I have spent a lot of time with the vet – it is a long story, but I was fascinated in the way they managed a cat with diabetes.
Of course diabetes in animals is very similar to humans – it starts with an inability to manage post prandial glucose and leads to insulin resistance and ultimately pancreatic failure. The diagnosis is through a mixture of blood tests, urinalysis (clean dry gravel in the litter tray) and the typical signs – ravenous appetite, weight gain, always thirsty and peeing often. No GGT or HbA1c in the vet. Treatment is also similar with diet manipulation, weight control, exercise stimulation and some medicines.
The fat cat sat on the mat. As it purred gently it had a continuous glucose monitor attached. It hardly noticed as it was fixed in place. Free feeding was replaced with fixed meals and five days later the data was downloaded. The little machine had measured glucose concentrations every five minutes for 5 days – that’s 288 measurements a day and nearly 1,500 measurements over the 5 days. The line appeared showing the peaks and toughs in use.
The baseline glucose level was abnormal and the peaks showing the post-prandial glucose levels were also abnormal. These peaks were then compared to the diet chart and most peaks were explained through the three meals. Well apart from three which were biscuits – your cat eats biscuits? Yes we sometimes sit together in the evening and we share a biscuit – should have guessed really.

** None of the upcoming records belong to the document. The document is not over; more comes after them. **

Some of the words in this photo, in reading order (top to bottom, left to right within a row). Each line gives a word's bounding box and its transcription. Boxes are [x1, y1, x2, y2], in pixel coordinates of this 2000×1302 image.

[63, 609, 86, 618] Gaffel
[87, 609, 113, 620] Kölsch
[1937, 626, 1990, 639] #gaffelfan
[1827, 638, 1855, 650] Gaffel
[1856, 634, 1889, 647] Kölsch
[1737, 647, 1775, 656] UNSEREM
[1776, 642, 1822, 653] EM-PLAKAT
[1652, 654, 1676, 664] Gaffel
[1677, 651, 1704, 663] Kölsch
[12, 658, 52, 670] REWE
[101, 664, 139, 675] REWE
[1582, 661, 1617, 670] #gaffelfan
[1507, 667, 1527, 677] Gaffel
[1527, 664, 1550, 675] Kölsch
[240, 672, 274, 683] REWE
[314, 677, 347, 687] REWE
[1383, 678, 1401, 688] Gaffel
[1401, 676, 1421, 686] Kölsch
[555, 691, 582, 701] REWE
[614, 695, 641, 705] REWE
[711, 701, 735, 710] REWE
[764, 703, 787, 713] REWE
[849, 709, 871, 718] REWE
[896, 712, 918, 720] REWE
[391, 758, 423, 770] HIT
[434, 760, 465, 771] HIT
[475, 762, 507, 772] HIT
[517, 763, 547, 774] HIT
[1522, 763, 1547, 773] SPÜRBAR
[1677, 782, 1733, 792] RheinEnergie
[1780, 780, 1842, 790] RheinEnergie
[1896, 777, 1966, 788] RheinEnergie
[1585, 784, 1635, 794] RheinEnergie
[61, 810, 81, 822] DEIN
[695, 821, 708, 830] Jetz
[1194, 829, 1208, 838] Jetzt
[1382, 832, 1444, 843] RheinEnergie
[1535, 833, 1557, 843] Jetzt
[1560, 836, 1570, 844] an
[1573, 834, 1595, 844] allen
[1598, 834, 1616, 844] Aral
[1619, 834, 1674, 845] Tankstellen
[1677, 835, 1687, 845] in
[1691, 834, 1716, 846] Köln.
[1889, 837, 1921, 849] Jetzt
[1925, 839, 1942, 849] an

I think that we could identify the calorie content of everything that passed that cats lips over the five days – just amazing. Nowhere to hide that little titbit or mouse or latte and muffin.
The owner left with a greater understanding of the influence of diet, a refined diet plan and some medicines. The medicines were initially targeted towards reducing the basal glucose and the vet was sure that this would help to make the cat feel a little better and ‘get out more’.

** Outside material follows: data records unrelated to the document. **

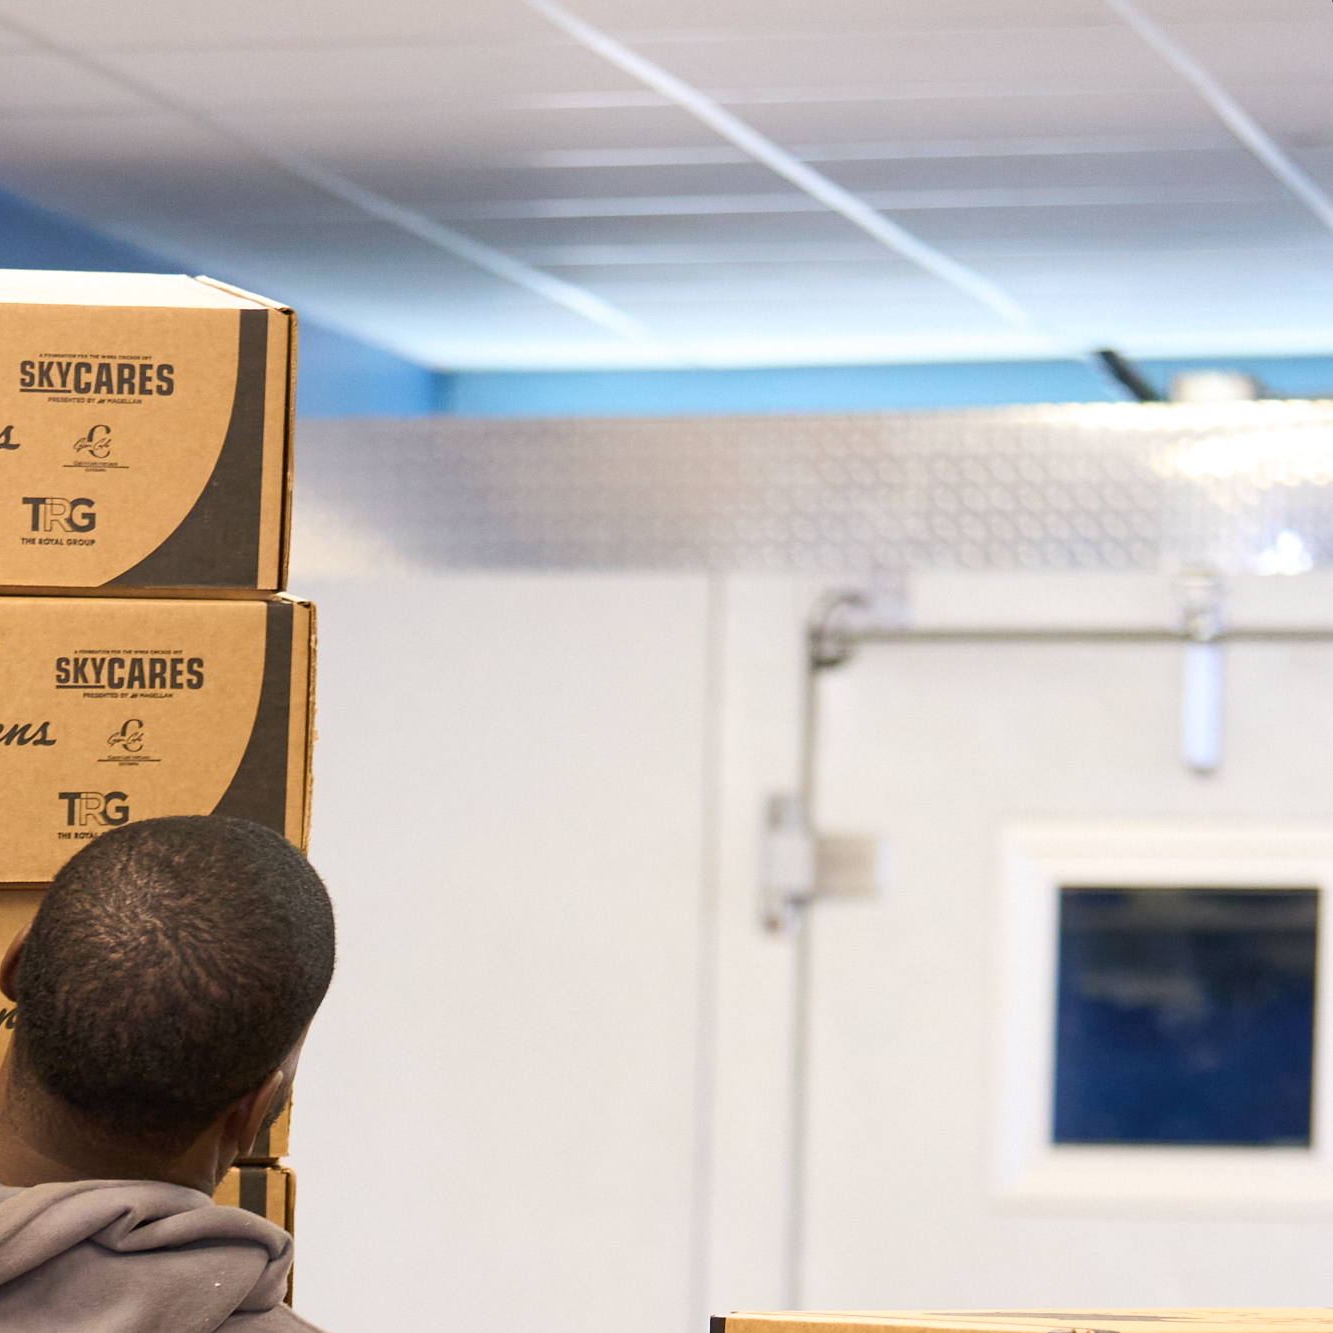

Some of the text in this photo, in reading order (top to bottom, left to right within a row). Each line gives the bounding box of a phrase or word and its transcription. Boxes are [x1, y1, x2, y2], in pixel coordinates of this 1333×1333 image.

[19, 359, 175, 396] SKYCARES
[21, 496, 96, 533] TRG
[21, 537, 96, 546] THE ROYAL GROUP
[55, 656, 205, 690] SKYCARES
[58, 790, 130, 827] TRG
[57, 832, 72, 840] THE

The owner was told that the cat should come in for another review and that the vet will do another 5 days of glucose monitoring. The vet warned the informed that an improvement in the basal glucose was expected, but the next stage would be adding in another medicine that effected basal glucose or if the post prandial glucose hadn’t improved then a refinement of the diet and a medicine that targeted post prandial glucose. The vet didn’t want to start insulin, but that was firmly on the cards with a twice daily mixture at the two main meals. This all seemed quite rational to me.
I am sure that you want to know about the biscuits. They were changed to either a reduced amount of the high sugar variety or an increased amount of a low sugar variety. The owner understood this and went away with a list of biscuits and their calorie contents printed from the internet. Actually I didn’t know how bad custard creams were – must cut these down myself.
I asked the vet where continual glucose monitoring had come from and why she used it. Well it would seem that it is an adaptation of the equipment used in humans that transferred to vetinary practice about 5 years ago. She felt it was the only way that she could get the information to guide her advice and treatment. The 5 day 5 minute readings linked perfectly to the diet plan and the owner had no doubt what was right or wrong. Obviously, I asked if the vet used blood glucose testing and she almost laughed in my face. Cats don’t like it and the information is hardly very useful in discussion with the owners and agreeing a management strategy. I had to agree with her.
The management of diabetes in cats is particularly important. The complications, particularly peripheral neuropathy can be particularly nasty and hypoglycaemia a real issue, however they aren’t affected by cardiovascular complications to the same degree. If the diabetes is controlled well and the cat loses weight then they may improve to the point that they don’t require treatment – fascinating.